I saw this on the full disclosure list Tuesday, but didn’t think much of it.

Yes, a lot of sites are affected. Yes, there’s potential for account hijack. Do you need to panic, as is HuffPo’s advicepanic? No. (And I’ll spare teh soliquily about how their operation make MSNBC and Fox look like bastions of crediblity….)

My understanding is that this was a bug that popped up sometime in the past couple of years. Surprisingly, if you’re running old stuff (or Microsoft nonsense) server-side, you’re unaffected.
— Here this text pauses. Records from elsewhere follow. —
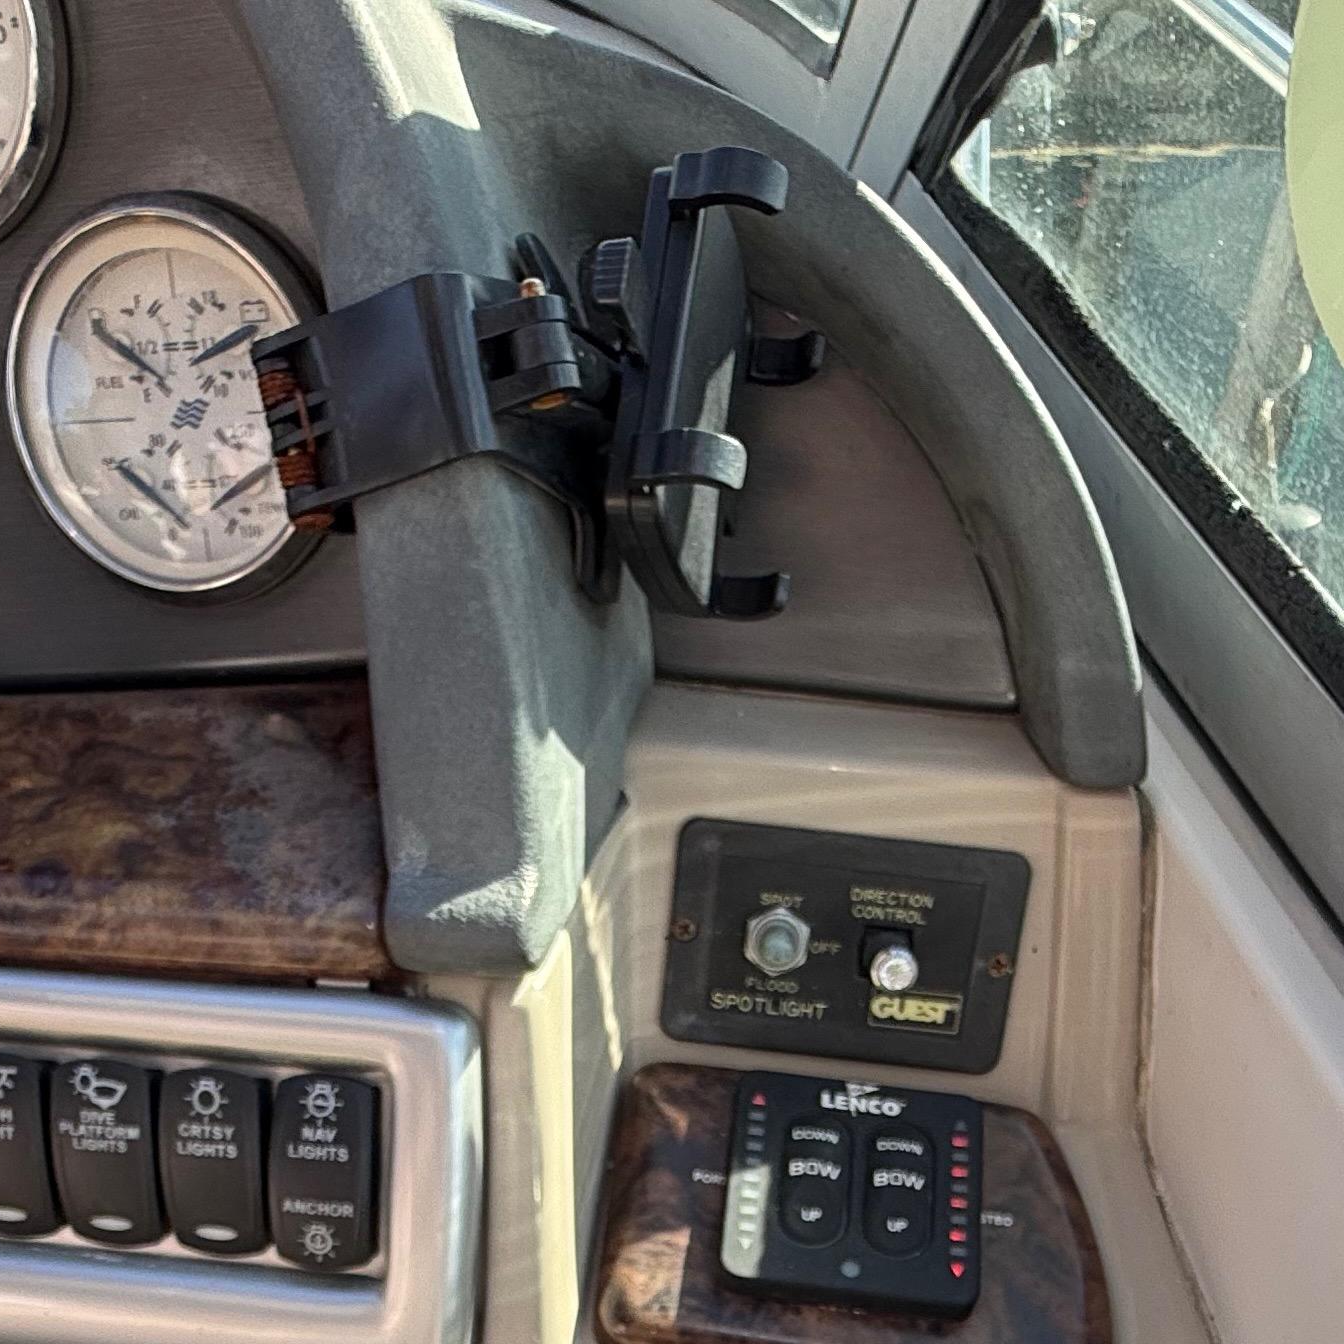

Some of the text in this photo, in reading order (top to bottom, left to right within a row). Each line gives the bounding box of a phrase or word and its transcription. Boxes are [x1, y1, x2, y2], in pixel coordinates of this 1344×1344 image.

[760, 891, 804, 907] SPOT
[850, 886, 936, 910] DIRECTION
[852, 905, 928, 926] CONTROL
[810, 940, 842, 957] OFF
[745, 976, 800, 995] FLOOD
[710, 992, 828, 1020] SPOTLIGHT
[869, 996, 954, 1025] GUEST
[819, 1089, 904, 1118] LENCO
[58, 1120, 141, 1141] PLATFORM
[177, 1122, 236, 1142] CRTSY
[301, 1126, 339, 1143] NAV
[791, 1126, 840, 1145] DOWN
[72, 1137, 129, 1154] LIGHTS
[176, 1141, 239, 1160] LIGHTS
[287, 1143, 350, 1163] LIGHTS
[876, 1136, 925, 1156] DOWN
[788, 1157, 842, 1181] BOW
[873, 1168, 926, 1191] BOW
[282, 1199, 355, 1218] ANCHOR
[800, 1206, 824, 1222] UP
[886, 1216, 910, 1233] UP
It’s something that unless the sites were using the vulnerable version, and you changed your password while they were using the buggy version, and someone happened to be hijacking your session when you changed your password, then you might be vulnerable.

Do the math on the probabilities.

I’ll spare the schadenfreude about the commercial sekurity products affected because they used a buggy verison of OpenSSL, though *cough*McAfee*cough*Barracuda*cough* the temptation is tough to completely pass up.

4 thoughts on “Heartbleed”

      1. It allows, with sufficient heap-fu, arbitrary openssl-connected memory space reads (web, email, whatever process).
        It’s got no issue with your session – you can get the damn thing to leak the whole contents of memory, 64k at a time.

        1. Interesting. Still, the attacker would have to get in during one of the temporal connections, and hope to do that heap-fu during the connection lifetime. I’m wondering what the probabilities look like. Connect –> get haxxed –> MITM listens –> Connection closes –> Do analysis of the datastream to get the data.